_WORK INSTRUCTIONS_. Leave every picture out. Set down all the lines below exactly.

_DATASET_.
^^^^^^^^^^^^^^^^

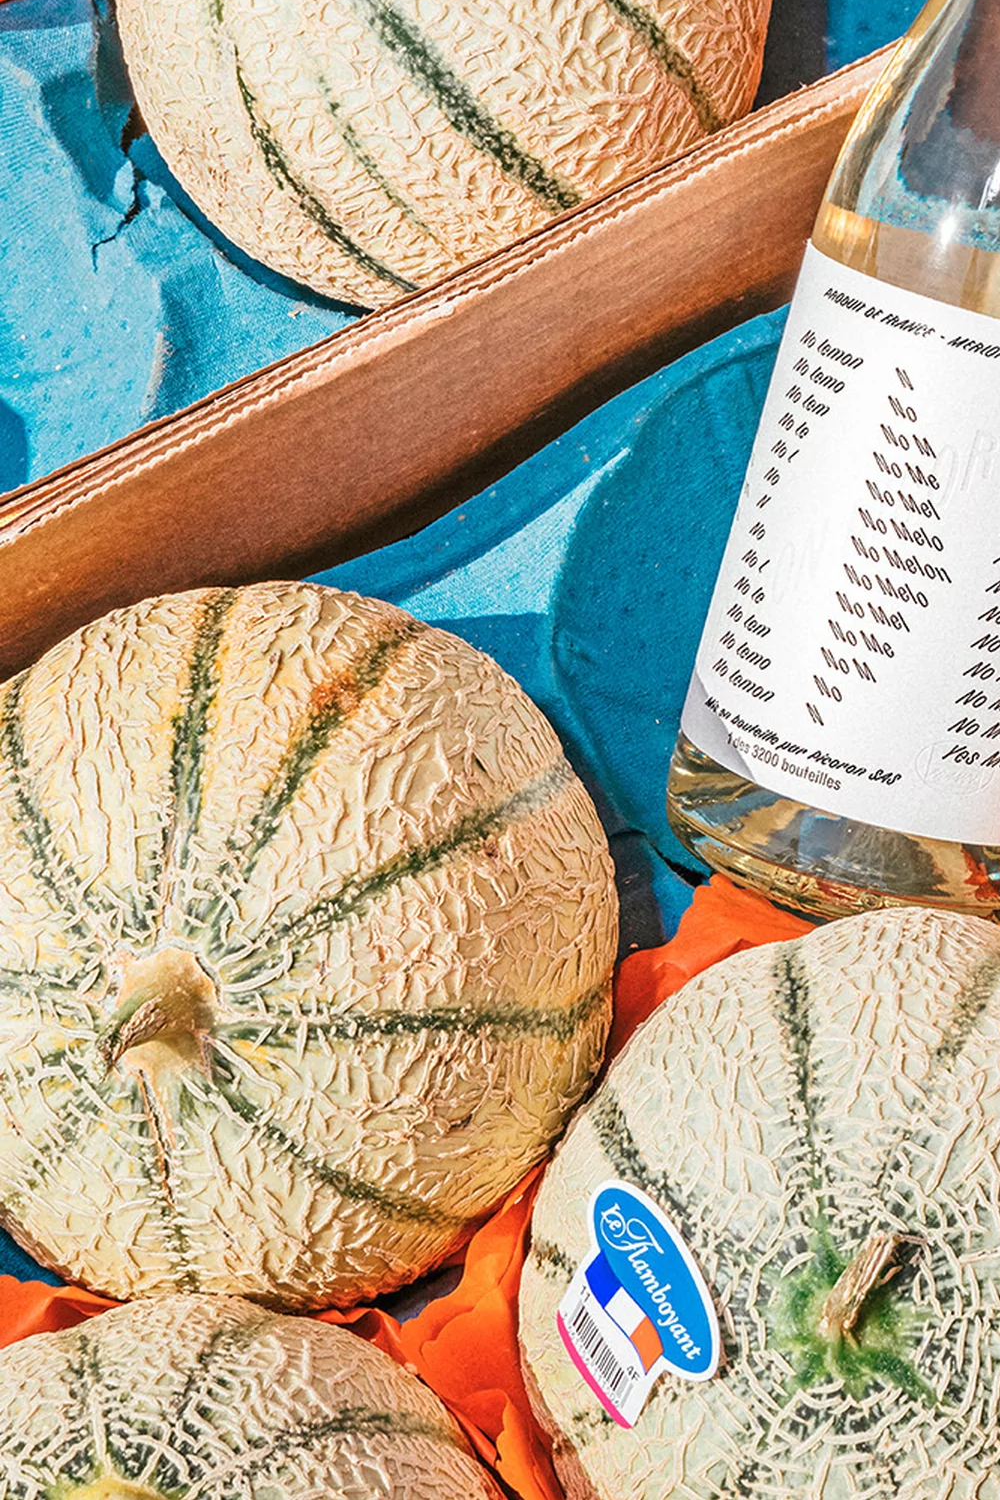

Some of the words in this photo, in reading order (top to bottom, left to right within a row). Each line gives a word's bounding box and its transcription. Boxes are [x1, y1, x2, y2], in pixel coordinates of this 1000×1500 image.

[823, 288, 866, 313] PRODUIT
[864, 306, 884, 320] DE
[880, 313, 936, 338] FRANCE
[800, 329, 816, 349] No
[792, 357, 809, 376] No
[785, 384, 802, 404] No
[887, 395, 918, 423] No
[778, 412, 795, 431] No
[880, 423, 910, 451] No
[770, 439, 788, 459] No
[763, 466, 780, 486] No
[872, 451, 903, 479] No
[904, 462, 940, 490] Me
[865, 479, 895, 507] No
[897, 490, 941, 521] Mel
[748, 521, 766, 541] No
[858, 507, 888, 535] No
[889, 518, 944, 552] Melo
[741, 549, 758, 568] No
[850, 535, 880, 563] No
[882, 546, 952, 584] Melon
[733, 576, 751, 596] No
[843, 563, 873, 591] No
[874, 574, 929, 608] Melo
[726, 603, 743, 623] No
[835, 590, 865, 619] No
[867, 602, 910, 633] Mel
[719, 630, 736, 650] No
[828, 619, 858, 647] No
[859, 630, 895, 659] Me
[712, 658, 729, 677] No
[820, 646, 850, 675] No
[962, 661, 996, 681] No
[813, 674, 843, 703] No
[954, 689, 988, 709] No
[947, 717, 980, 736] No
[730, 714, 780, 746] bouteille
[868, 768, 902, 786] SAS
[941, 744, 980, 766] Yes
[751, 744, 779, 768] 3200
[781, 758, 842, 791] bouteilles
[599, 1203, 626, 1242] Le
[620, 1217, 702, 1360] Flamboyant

^^^^^^^^^^^^^^^^

_ANSWER SECTION_.
Some of the words in this photo, in reading order (top to bottom, left to right within a row). Each line gives a word's bounding box and its transcription. Boxes are [x1, y1, x2, y2], in pixel coordinates of this 1000×1500 image.

[823, 288, 866, 313] PRODUIT
[864, 306, 884, 320] DE
[880, 313, 936, 338] FRANCE
[800, 329, 816, 349] No
[792, 357, 809, 376] No
[785, 384, 802, 404] No
[887, 395, 918, 423] No
[778, 412, 795, 431] No
[880, 423, 910, 451] No
[770, 439, 788, 459] No
[763, 466, 780, 486] No
[872, 451, 903, 479] No
[904, 462, 940, 490] Me
[865, 479, 895, 507] No
[897, 490, 941, 521] Mel
[748, 521, 766, 541] No
[858, 507, 888, 535] No
[889, 518, 944, 552] Melo
[741, 549, 758, 568] No
[850, 535, 880, 563] No
[882, 546, 952, 584] Melon
[733, 576, 751, 596] No
[843, 563, 873, 591] No
[874, 574, 929, 608] Melo
[726, 603, 743, 623] No
[835, 590, 865, 619] No
[867, 602, 910, 633] Mel
[719, 630, 736, 650] No
[828, 619, 858, 647] No
[859, 630, 895, 659] Me
[712, 658, 729, 677] No
[820, 646, 850, 675] No
[962, 661, 996, 681] No
[813, 674, 843, 703] No
[954, 689, 988, 709] No
[947, 717, 980, 736] No
[730, 714, 780, 746] bouteille
[868, 768, 902, 786] SAS
[941, 744, 980, 766] Yes
[751, 744, 779, 768] 3200
[781, 758, 842, 791] bouteilles
[599, 1203, 626, 1242] Le
[620, 1217, 702, 1360] Flamboyant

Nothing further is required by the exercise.